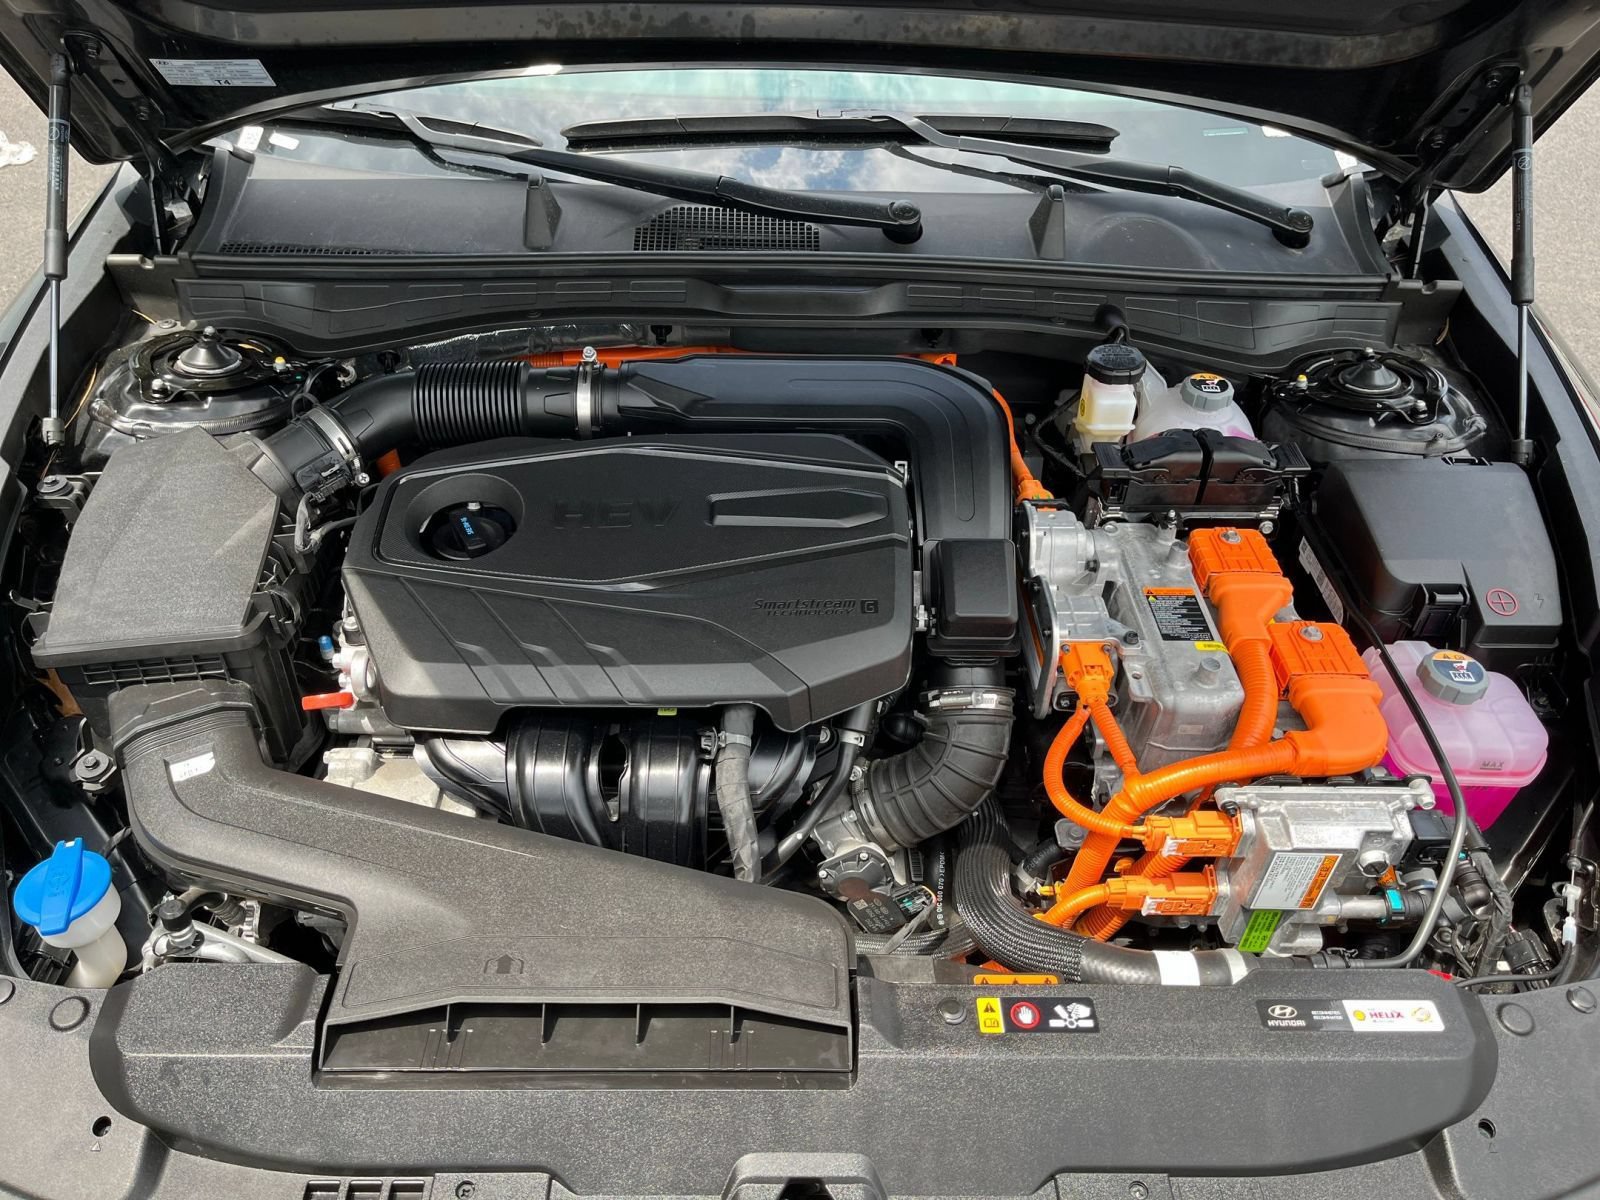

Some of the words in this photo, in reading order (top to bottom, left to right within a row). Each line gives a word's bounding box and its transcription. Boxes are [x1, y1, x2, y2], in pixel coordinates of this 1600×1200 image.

[553, 497, 683, 529] HEV
[752, 598, 857, 611] Smartstream
[861, 599, 878, 614] G
[767, 608, 855, 617] TECHNOLOGY
[1369, 1010, 1404, 1019] HELIX
[1267, 1019, 1307, 1027] HYUNDAI
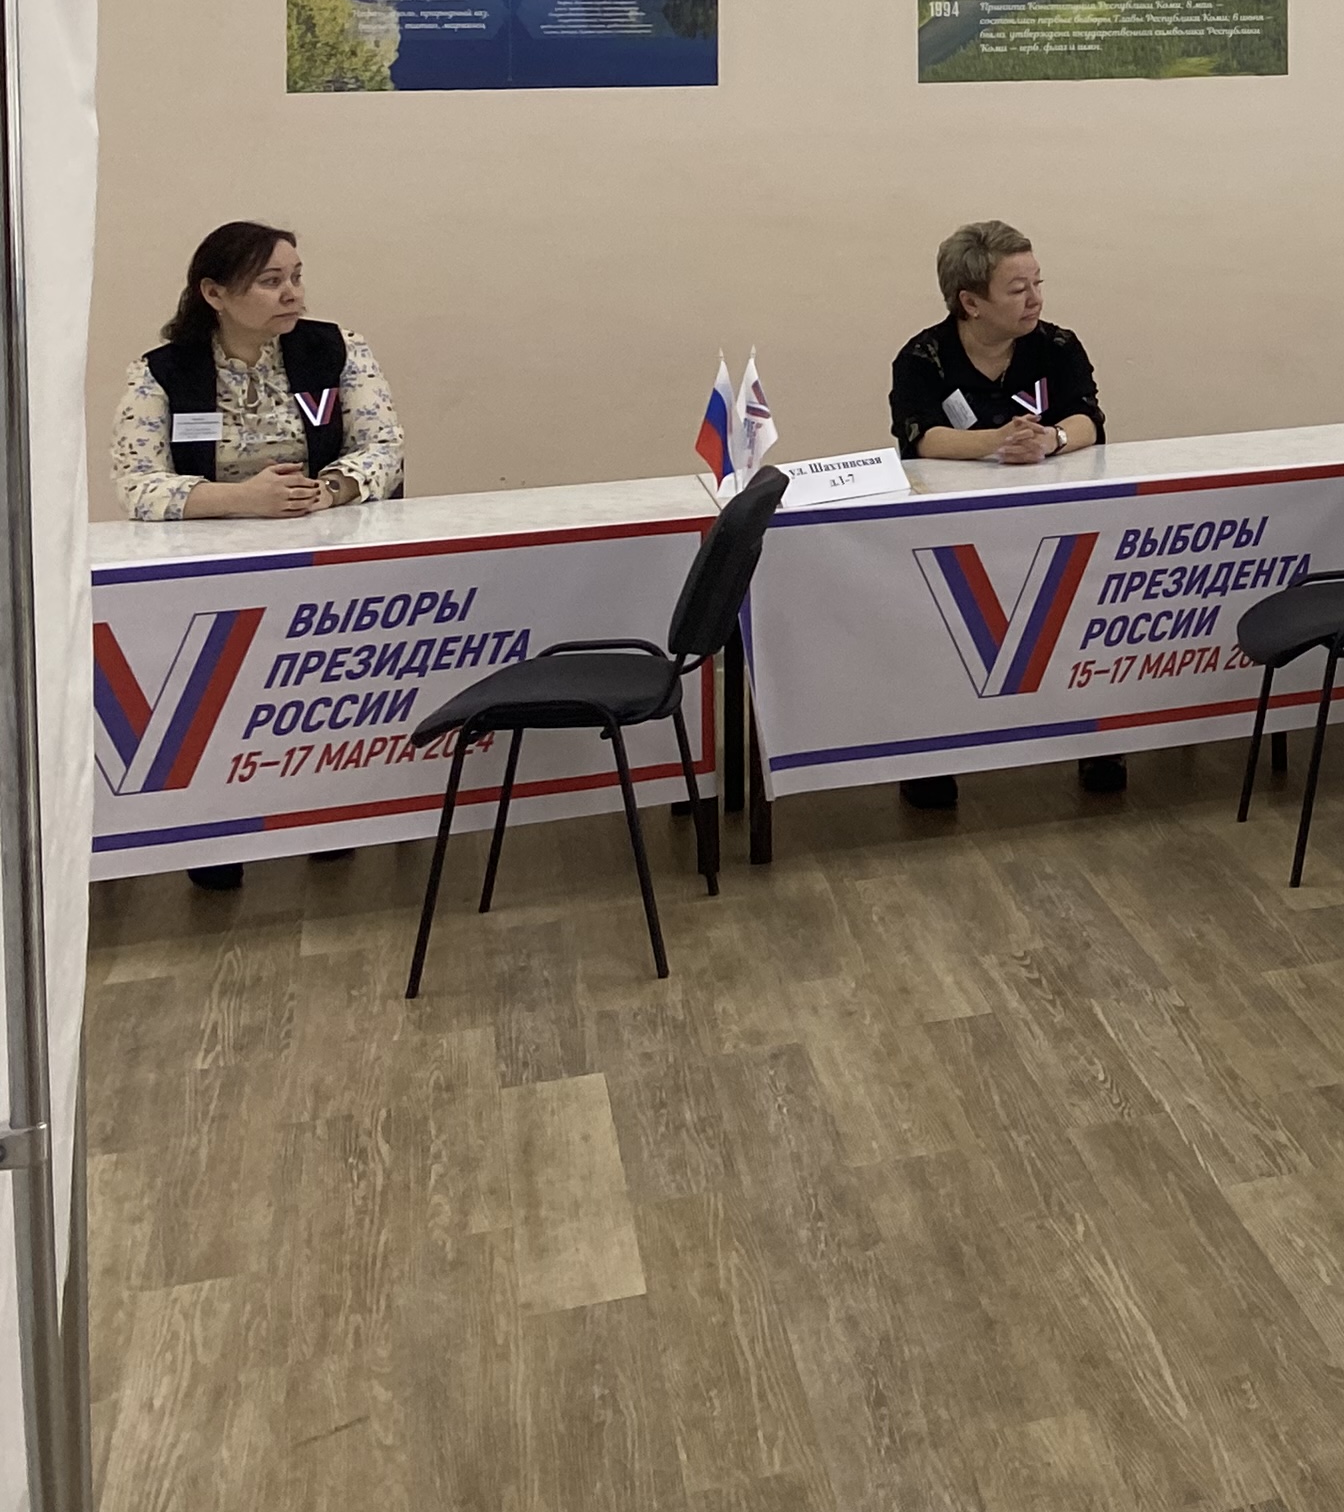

* **Problem to solve**: Would you please set down the data above again exactly, without its pictures?

* **Result for this task**:
Some of the words in this photo, in reading order (top to bottom, left to right within a row). Each line gives a word's bounding box and its transcription. Boxes are [x1, y1, x2, y2], in pixel coordinates of this 1600×1200 image.

[553, 497, 683, 529] HEV
[752, 598, 857, 611] Smartstream
[861, 599, 878, 614] G
[767, 608, 855, 617] TECHNOLOGY
[1369, 1010, 1404, 1019] HELIX
[1267, 1019, 1307, 1027] HYUNDAI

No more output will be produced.